MACHIAS, Maine — A judge ruled on Tuesday in favor of a Washington County woman who sued Cherryfield businessman Steven Pagels, accusing him of sexually abusing and assaulting her when she was a child.

Justice Donald G. Alexander awarded the 28-year-old plaintiff — who is not being identified by the Bangor Daily News because she is a victim — nearly $2 million in damages.

Alexander awarded the woman $88,594 in special damages, $1,300,000 in general damages and $500,000 in punitive damages — a total of $1,888,594 plus costs and interests. Special damages include medical expenses, future treatment and counseling, and lost earnings, while general damages are for pain, suffering, mental anguish and loss of enjoyment of life.

Pagels, 63, operates a charter boat business — Downeast Windjammer Cruises — that Alexander described as “substantial.” The business includes several boats, some of them worth more than $1 million each, and has many employees.

Alexander, a Maine Supreme Judicial Court justice who presided over the case in Machias District Court, took the case under advisement on Oct. 1 after a three-day nonjury trial of the civil lawsuit, which was filed against Pagels in 2012.

The plaintiff testified, sometimes in detail during the trial, about how she was molested and sexually assaulted by Pagels for a period of about nine years beginning when she was about 7.

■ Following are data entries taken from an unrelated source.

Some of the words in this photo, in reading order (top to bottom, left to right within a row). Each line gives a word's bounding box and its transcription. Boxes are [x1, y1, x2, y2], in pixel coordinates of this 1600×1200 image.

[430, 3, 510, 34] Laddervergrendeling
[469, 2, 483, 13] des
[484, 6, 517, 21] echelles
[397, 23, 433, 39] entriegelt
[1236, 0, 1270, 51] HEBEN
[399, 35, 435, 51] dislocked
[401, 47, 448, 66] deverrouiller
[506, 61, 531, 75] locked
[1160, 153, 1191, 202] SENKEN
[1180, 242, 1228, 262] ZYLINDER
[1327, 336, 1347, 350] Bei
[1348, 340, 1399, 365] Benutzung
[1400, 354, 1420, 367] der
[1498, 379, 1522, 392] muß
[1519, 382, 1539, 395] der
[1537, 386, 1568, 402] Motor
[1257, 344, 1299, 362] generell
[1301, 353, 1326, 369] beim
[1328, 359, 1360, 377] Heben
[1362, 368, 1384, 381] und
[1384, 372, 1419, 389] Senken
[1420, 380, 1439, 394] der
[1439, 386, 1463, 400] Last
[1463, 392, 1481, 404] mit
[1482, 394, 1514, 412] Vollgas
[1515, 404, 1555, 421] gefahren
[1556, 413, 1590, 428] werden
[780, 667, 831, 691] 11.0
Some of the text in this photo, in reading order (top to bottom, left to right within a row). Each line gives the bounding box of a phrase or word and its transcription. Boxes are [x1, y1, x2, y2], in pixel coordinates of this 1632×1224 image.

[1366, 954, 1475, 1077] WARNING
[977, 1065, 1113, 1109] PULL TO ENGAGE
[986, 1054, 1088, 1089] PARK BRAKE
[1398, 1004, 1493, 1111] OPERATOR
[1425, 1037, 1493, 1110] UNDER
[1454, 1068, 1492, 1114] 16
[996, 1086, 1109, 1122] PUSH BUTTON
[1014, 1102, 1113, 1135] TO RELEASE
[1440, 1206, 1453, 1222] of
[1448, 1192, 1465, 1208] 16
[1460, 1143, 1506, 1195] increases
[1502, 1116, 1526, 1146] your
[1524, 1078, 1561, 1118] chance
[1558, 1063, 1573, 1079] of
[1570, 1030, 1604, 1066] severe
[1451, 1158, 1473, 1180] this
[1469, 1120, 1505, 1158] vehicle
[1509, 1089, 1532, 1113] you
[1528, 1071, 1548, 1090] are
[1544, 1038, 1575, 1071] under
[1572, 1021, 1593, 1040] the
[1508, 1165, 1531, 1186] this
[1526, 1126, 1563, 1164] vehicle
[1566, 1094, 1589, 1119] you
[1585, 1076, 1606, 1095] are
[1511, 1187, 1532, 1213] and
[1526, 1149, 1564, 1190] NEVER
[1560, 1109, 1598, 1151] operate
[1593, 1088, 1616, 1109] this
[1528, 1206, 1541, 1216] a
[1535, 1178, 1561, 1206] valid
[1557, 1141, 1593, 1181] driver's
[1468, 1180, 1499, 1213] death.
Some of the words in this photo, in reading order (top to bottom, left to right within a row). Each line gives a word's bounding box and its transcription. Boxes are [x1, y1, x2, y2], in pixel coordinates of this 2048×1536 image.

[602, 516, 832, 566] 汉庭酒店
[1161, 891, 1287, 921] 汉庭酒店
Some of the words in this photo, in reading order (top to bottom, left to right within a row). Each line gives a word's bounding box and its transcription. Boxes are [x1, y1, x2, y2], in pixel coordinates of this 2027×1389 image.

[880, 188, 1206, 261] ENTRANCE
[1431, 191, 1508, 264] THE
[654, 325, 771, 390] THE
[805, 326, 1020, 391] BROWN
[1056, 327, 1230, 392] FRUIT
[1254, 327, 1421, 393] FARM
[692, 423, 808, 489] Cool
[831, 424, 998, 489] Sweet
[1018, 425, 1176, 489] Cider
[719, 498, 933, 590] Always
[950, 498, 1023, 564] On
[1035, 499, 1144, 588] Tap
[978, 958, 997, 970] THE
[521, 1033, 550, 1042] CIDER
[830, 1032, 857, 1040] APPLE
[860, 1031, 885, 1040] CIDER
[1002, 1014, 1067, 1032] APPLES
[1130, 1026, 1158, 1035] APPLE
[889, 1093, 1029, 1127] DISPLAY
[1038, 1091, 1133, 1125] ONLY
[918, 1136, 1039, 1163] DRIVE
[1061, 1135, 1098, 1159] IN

“It’s a wonderful decision for her,” Machias attorney Rebecca Irving, who represented the plaintiff, said Tuesday. “Just wonderful.”

“[She] is gratified by that decision because it validates her in a way that could not have occurred otherwise,” she added.

Irving said her client battled “concerted and relentless attempts” by Pagels to discredit her over the years and displayed “a courage I don’t see often.”

“The decision itself is so well grounded in both the facts and the law that any appeal would be more a delaying tactic than anything else,” said Irving.

Pagels, who had not read the judge’s decision but knew of it, said Tuesday that he would confer with his attorney, Daniel Pileggi of Ellsworth, about whether to appeal.

“I will continue to defend myself with the last breath in my body against these false allegations,” he said.

When a reporter pointed out that the judge deemed the plaintiff’s testimony credible while his denials were not, Pagels said, “I think that’s very, very unfortunate.”

“I do feel eventually the truth will come out,” said Pagels.

The plaintiff made four legal claims in her lawsuit. The four claims — repeated sexual assault and battery, intentional infliction of emotional distress through sexual abuse, gross negligence and recklessness in inflicting emotional distress, and malice — were proven by a preponderance of the evidence, Alexander ruled.

“The defendant’s sexual assaults and degradation destroyed plaintiff’s self-esteem and sense of self-worth,” said Alexander in his decision. “His assaults and degradation caused her drug abuse, her addictions, her bad relationship choices and her mental conditions that have rendered her unable to work or further her education.”

In calculating damages, Alexander found that all of the plaintiff’s mental health conditions and problems, as well as the self-destructive behaviors that might have aggravated them, were caused by the “degradation and sexual assaults” inflicted by Pagels and his “callous treatment” of the plaintiff.

Through his attorney, Pagels contended that the woman’s mental health problems would have been manifest regardless of his sexual assaults upon her.

Alexander disagreed.

“The plaintiff’s primary mental health condition, causing most of her difficulties, is post-traumatic stress disorder,” the judge found. “The cause of that disorder is the years of degradation, sexual assaults and rapes that the plaintiff endured at the hands of the defendant.”

Alexander called the plaintiff’s descriptions of the sexual assaults she suffered “generally credible” and added that Pagels’ denials of committing any sexual assaults were not credible.

During closing arguments in the trial, Irving drew a timeline on a chalkboard with years and names of the plaintiff and three other women who were referred to during the trial as childhood victims of Pagels. They all testified or gave depositions alleging sexual abuse, sexual assault, rape and attempted rape, noted Irving.

Pagels, who listened impassively to the closing statements, “has no compunction about repeated … sexual abuse” of girls, argued Irving.

“He demonstrated a pattern of dominance and used fear and physical force with respect to that dominance,” said Irving. She said that Pagels, who has never been charged with a crime in connection with this civil case, needed to be held accountable because “He’s a repeat offender, and he will offend again because there have been no consequences to any of his actions.”